In the initial days when we had a small team, our data analysts would spin up Jupyter Notebook servers locally and work on them. Collaboration was mostly limited to the good old fashioned “Look at this code on my laptop” or in some cases, Github. We could not expect our analysts and data scientists to be proficient with Github nor could they experiment effectively since notebooks are mostly treated as a disposable boilerplate. Moving them all to a single EC2 based Jupyterlab server also didn’t work for long. It added even more problems which we are going to talk about later in this blog.

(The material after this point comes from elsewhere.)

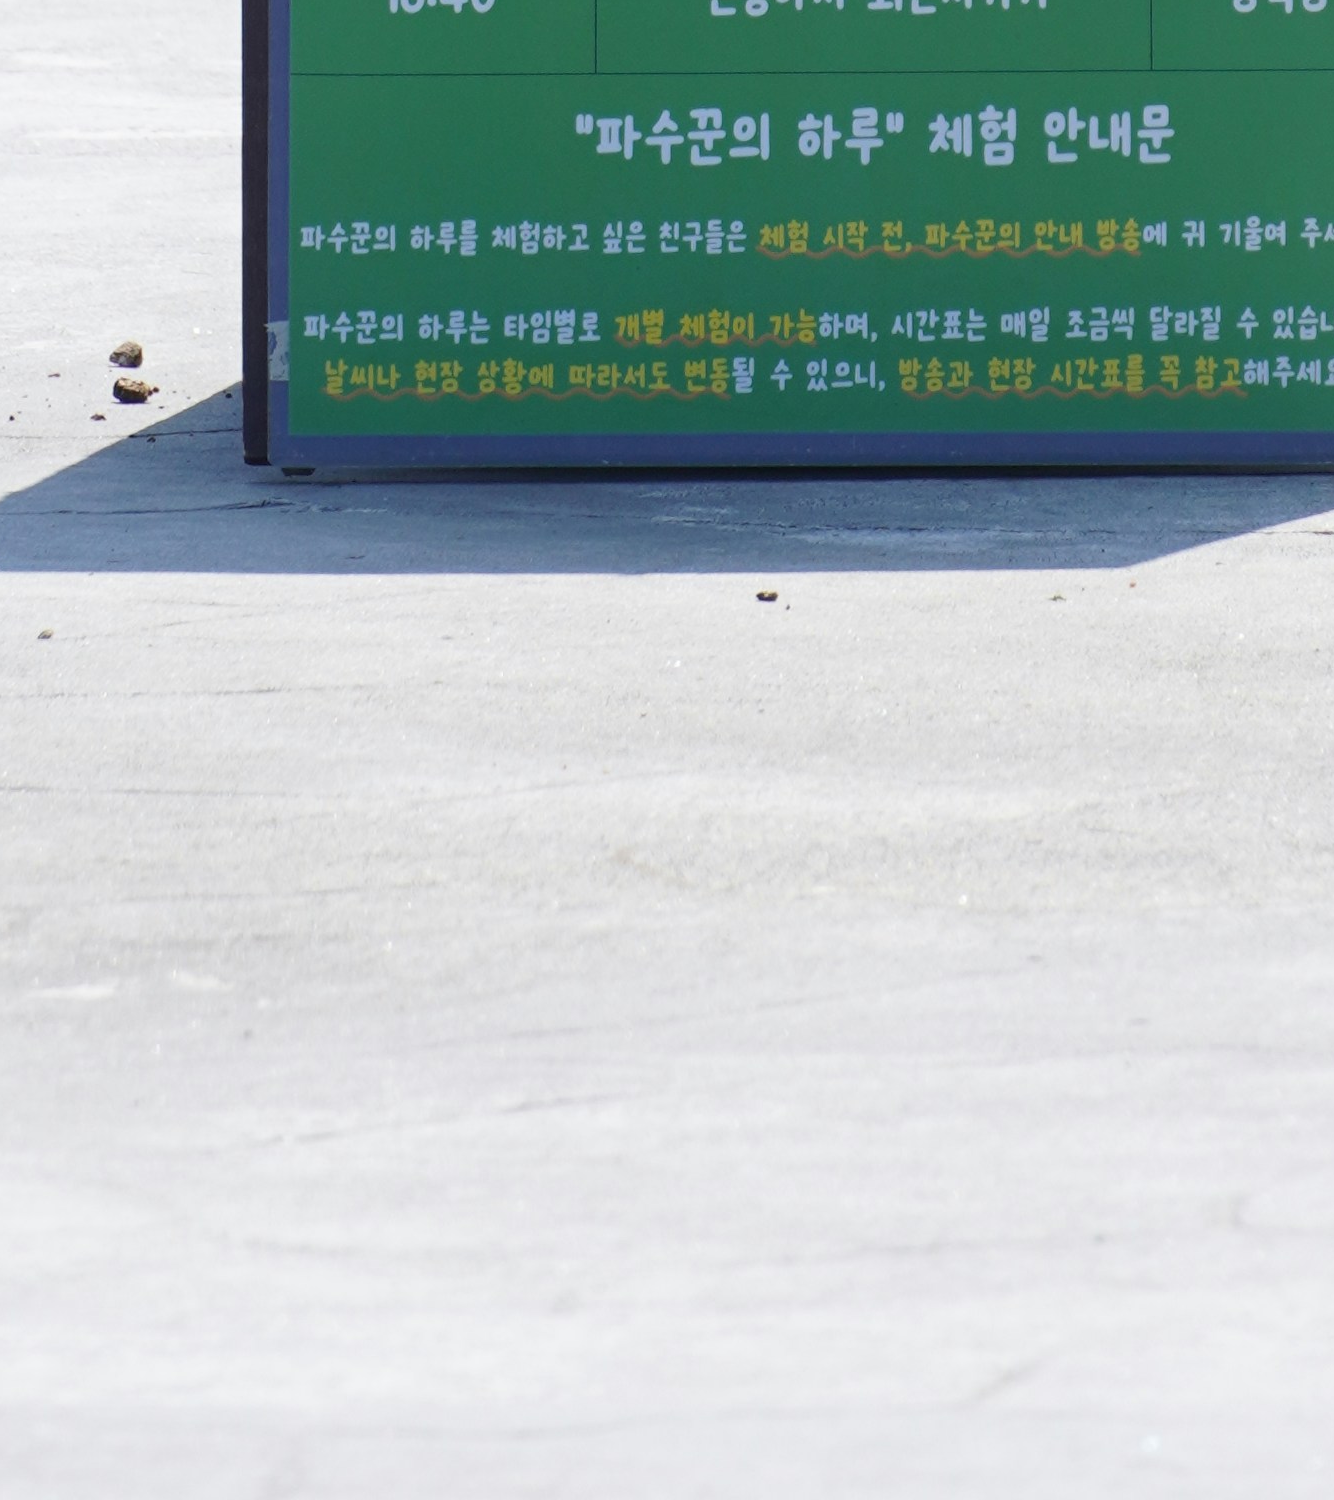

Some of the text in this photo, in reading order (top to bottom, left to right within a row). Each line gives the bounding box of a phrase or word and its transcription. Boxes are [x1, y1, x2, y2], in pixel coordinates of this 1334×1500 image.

As teams were growing, we understood that we needed to make our platform reliable, secure and scalable. We also wanted to give consistent experience to our data analysts. We started exploring how other companies, that are much ahead in their data journey, solved this problem. There are many ways to skin the cat and we picked what addressed our problems the best.

Problems

There were a lot of issues faced by our data analysts in a single EC2 based Jupyterlab server :

  • Our data analysts couldn’t safely install their dependencies without worrying about breaking stuff for other people
  • Resource sharing became very difficult. People started getting OOM errors and kernel dying because someone else was running resource heavy notebooks
  • At times, notebooks were accidentally altered by folks which added further to confusion. Recovering deleted things was even more difficult
  • They had to keep credentials and API keys in the notebook as plain text, which was unsafe, and had to change it frequently as passwords were getting rotated
  • Scheduling them required crontab to be set up and using nbinteract to convert those notebooks into python code which could then be scheduled. This was a cumbersome process and often required intervention from data engineers.
  • Updating these notebooks was also equally difficult

We knew it was time to update our Jupyter infrastructure as we reached a natural tipping point and the problems we needed to solve were clear to us.

Notebook revolution

Our notebook revolution was achieved through two main components:

  1. We gave isolated sandboxed environments for every user to work with their notebooks using Jupyterhub
  2. We packaged all the dependencies and commonly used utilities into a custom package, and called it pencilbox

Jupyterhub

We decided to go with JupyterHub which is a multi-user version of JupyterLab designed for larger teams. You marry that with Kubernetes and it solves half of the problems we have discussed above. Thanks to the open source community, there is even a complete solution out there which gives a helm chart that enables you to easily deploy JupyterHub in your Kubernetes environment.

The helm chart gives functionality out of the box to easily spawn isolated servers for every user and creates their own home directory on a network file system for persistence. Kubernetes also helps you avoid dependency hell by packaging and pre-building the different environments that serve different use cases. We could now manage server resources along with the environments where depending on the use case, one could choose a different CPU, Memory, and even GPU units as necessary.

We also customised the workflow for our analysts and provided them with options to choose from by overriding the KubeSpawner in the hub config.

These are some examples of the different profiles a user can select based on their use case. These profiles are added to the Jupyterhub profile list and essentially Docker images built on top of the jupyter/datascience-notebook with our utilities added.

singleuser:
profileList:
- display_name: "Pencilbox environment"
description: "To have every bell and whistle, along with a pencilbox for your notebooks"
# Configuration unique to this profile
kubespawner_override:
image: "<registry_url>/pencilbox:version"
# Defines the default profile - only use for one profile
default: true

We also added a bunch of basic notebooks using post hooks which are made available in every users’ home to help them set up their Github SSH & GPG keys easily. All these changes made the entire workflow a breeze for our data analysts.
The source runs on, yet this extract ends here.